╭─ SOURCE MATERIAL

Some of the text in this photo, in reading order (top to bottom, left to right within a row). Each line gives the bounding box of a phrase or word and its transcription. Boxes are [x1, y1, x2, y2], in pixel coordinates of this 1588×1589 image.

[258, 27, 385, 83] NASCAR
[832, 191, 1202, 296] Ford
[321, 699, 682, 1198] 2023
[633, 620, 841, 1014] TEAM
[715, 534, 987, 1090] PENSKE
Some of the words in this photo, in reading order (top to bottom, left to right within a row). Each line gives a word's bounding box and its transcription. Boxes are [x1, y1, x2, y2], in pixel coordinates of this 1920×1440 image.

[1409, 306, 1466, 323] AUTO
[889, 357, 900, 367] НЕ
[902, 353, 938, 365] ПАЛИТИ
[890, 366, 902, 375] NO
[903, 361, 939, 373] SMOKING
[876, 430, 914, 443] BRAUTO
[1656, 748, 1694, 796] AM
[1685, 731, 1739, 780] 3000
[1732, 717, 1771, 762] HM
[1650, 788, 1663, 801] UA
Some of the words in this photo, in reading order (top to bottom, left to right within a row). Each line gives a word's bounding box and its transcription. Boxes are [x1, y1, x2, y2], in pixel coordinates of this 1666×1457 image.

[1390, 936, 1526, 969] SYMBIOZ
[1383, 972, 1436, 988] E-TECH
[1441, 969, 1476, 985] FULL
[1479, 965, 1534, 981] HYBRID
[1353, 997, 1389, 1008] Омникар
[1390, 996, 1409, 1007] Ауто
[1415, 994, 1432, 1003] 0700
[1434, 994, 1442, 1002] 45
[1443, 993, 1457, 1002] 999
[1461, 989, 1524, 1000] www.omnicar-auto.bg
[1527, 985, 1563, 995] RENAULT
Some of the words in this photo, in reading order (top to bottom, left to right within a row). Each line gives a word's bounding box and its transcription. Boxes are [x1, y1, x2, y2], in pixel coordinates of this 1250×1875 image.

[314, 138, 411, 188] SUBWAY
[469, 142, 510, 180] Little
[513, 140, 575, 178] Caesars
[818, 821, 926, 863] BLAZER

╰─

EXERCISE DIRECTIONS =>
Starting at the line with "this 1250×1875 image.", restate every line word for word through the end of the listing above.

YOUR SOLUTION =>
Some of the words in this photo, in reading order (top to bottom, left to right within a row). Each line gives a word's bounding box and its transcription. Boxes are [x1, y1, x2, y2], in pixel coordinates of this 1250×1875 image.

[314, 138, 411, 188] SUBWAY
[469, 142, 510, 180] Little
[513, 140, 575, 178] Caesars
[818, 821, 926, 863] BLAZER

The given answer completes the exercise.